W I T N E S S E T H:
WHEREAS, Borrower, Administrative Agent and the lenders named therein entered into that certain Second Amended and Restated Credit Agreement dated as of June 10, 2011 (the “Original Agreement”) for the purposes and consideration therein expressed; and
WHEREAS, Borrower, Administrative Agent and Lenders desire to amend the Original Agreement for the purposes described herein;
NOW, THEREFORE, in consideration of the premises and the mutual covenants and agreements contained herein and in the Original Agreement, and for other good and valuable consideration, the receipt and sufficiency of which are hereby acknowledged, the parties hereto do hereby agree as follows:
ARTICLE I. — Definitions and References
§ 1.1. Terms Defined in the Original Agreement. Unless the context otherwise requires or unless otherwise expressly defined herein, the terms defined in the Original Agreement shall have the same meanings whenever used in this Amendment.

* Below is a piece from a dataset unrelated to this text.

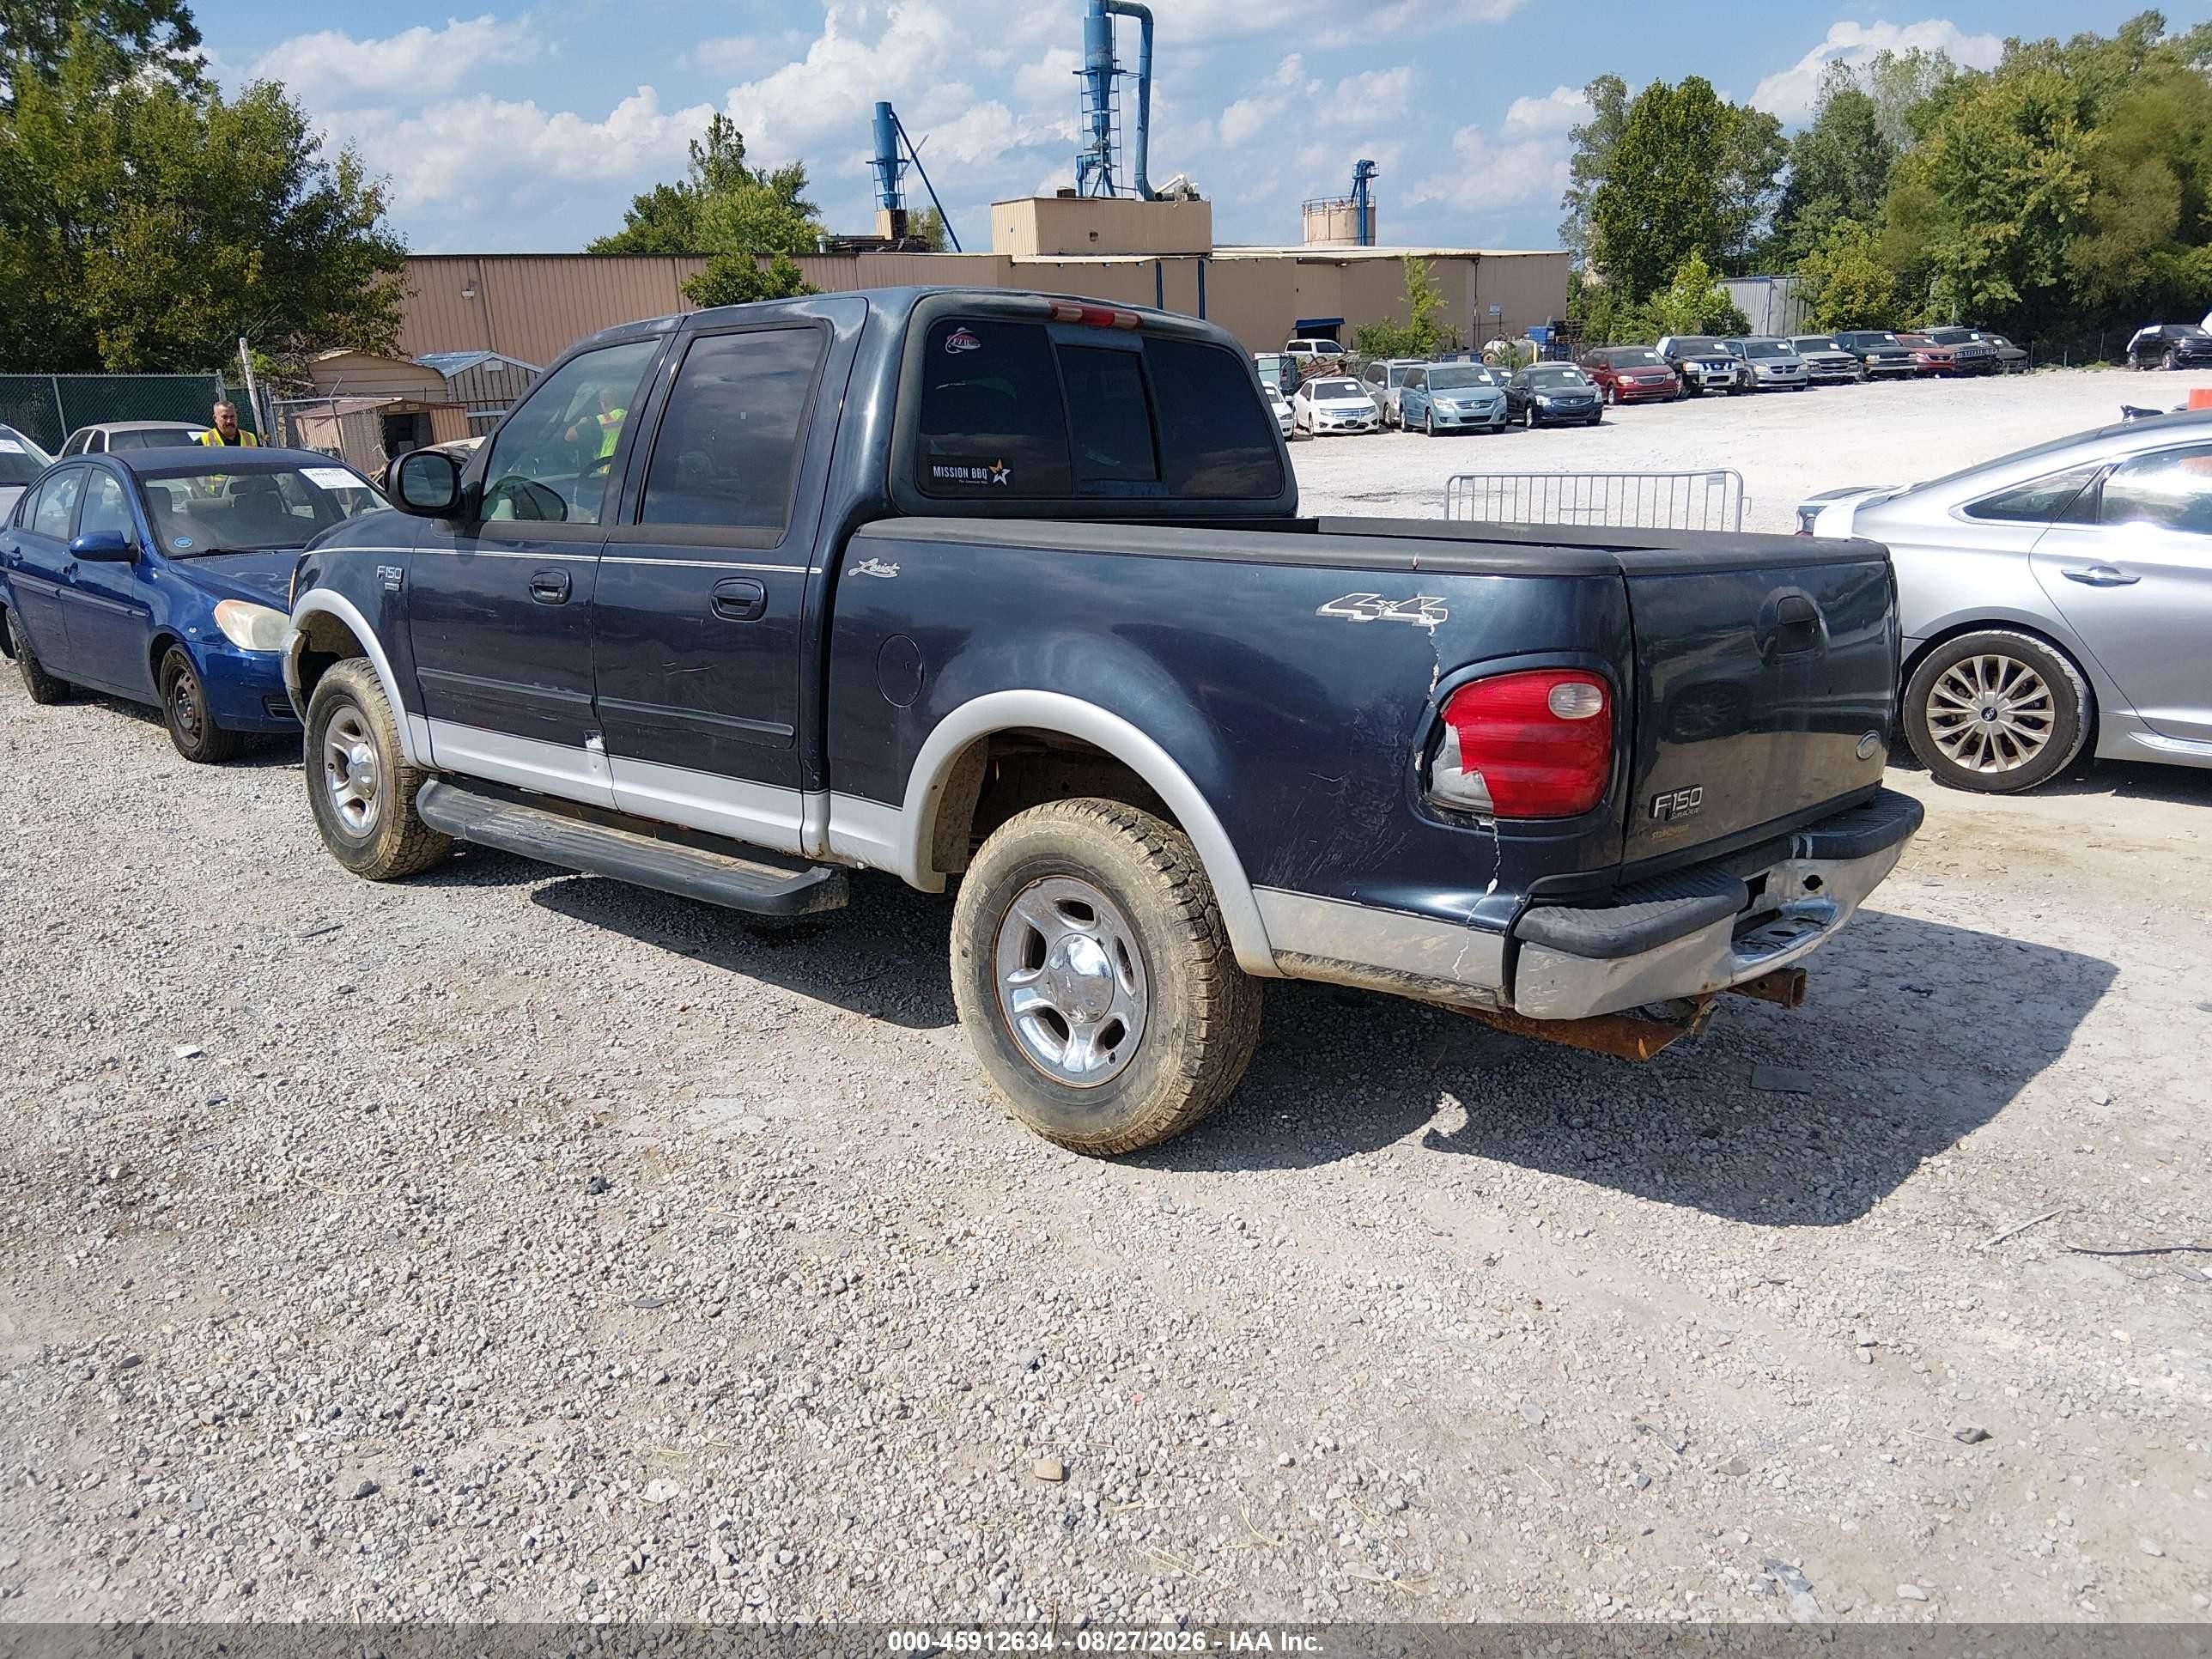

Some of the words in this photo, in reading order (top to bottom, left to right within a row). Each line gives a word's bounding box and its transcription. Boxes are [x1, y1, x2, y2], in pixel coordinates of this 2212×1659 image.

[933, 465, 969, 479] MISSION
[971, 467, 988, 481] BBQ
[376, 565, 403, 580] F150
[1653, 787, 1703, 818] F150

§ 1.2. Other Defined Terms. Unless the context otherwise requires, the following terms when used in this Amendment shall have the meanings assigned to them in this § 1.2.
“Amendment” means this First Amendment to Second Amended and Restated Credit Agreement.

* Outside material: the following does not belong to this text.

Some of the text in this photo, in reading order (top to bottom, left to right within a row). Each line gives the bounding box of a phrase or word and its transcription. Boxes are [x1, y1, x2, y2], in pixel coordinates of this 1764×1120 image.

“Credit Agreement” means the Original Agreement as amended hereby.
ARTICLE II. — Amendments
§ 2.1. Definitions. The definition of “Joint Venture Entities” set forth in Section 1.01 of the Original Agreement is hereby amended in its entirety to read as follows:
“Joint Venture Entities” means:
(i) each of Bighorn, Fort Union, Eagle Ford Gathering, Eagle Ford Crossover and Liberty Pipeline Group; and
(ii) each other corporation, partnership, joint venture, limited liability company or other business entity:
(a) of which less than a majority of the shares of securities or other interests having ordinary voting power for the election of directors or other governing body (other than securities or interests having such power only by reason of the happening of a contingency) are at the time beneficially owned, directly, or indirectly through one or more intermediaries, or both, by the Borrower; and
(b) which is not engaged in any material line of business substantially different from those lines of business conducted by the Borrower and its Restricted Subsidiaries on the date hereof or any business substantially related or incidental thereto.

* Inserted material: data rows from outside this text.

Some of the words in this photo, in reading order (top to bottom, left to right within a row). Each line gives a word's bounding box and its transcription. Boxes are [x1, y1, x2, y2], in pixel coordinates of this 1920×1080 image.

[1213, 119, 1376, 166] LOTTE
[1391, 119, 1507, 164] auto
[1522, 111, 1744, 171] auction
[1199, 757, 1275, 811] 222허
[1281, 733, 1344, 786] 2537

§ 2.2. Consent Regarding Magellan Joint Venture. Copano Double Eagle LLC, a Restricted Subsidiary of the Borrower, has entered into a joint venture agreement with Magellan OLP, L.P., an affiliate of Magellan Midstream Partners, L.P. (the “Magellan JV”), pursuant to which it is intended that certain Collateral currently subject to a Lien in favor of Administrative Agent securing the Obligations would be leased to, or occupancy rights granted to (collectively, the “Lease”), the Magellan JV (the “Subject Collateral”). In connection with the Lease, Borrower has requested that Administrative Agent enter into a subordination, non-disturbance and attornment agreement with the Magellan JV with respect to the Subject Collateral and the Lease and the Lenders signatory hereto hereby consent to Administrative Agent entering into such an agreement with respect to the Subject Collateral, in form and substance reasonably satisfactory to Administrative Agent.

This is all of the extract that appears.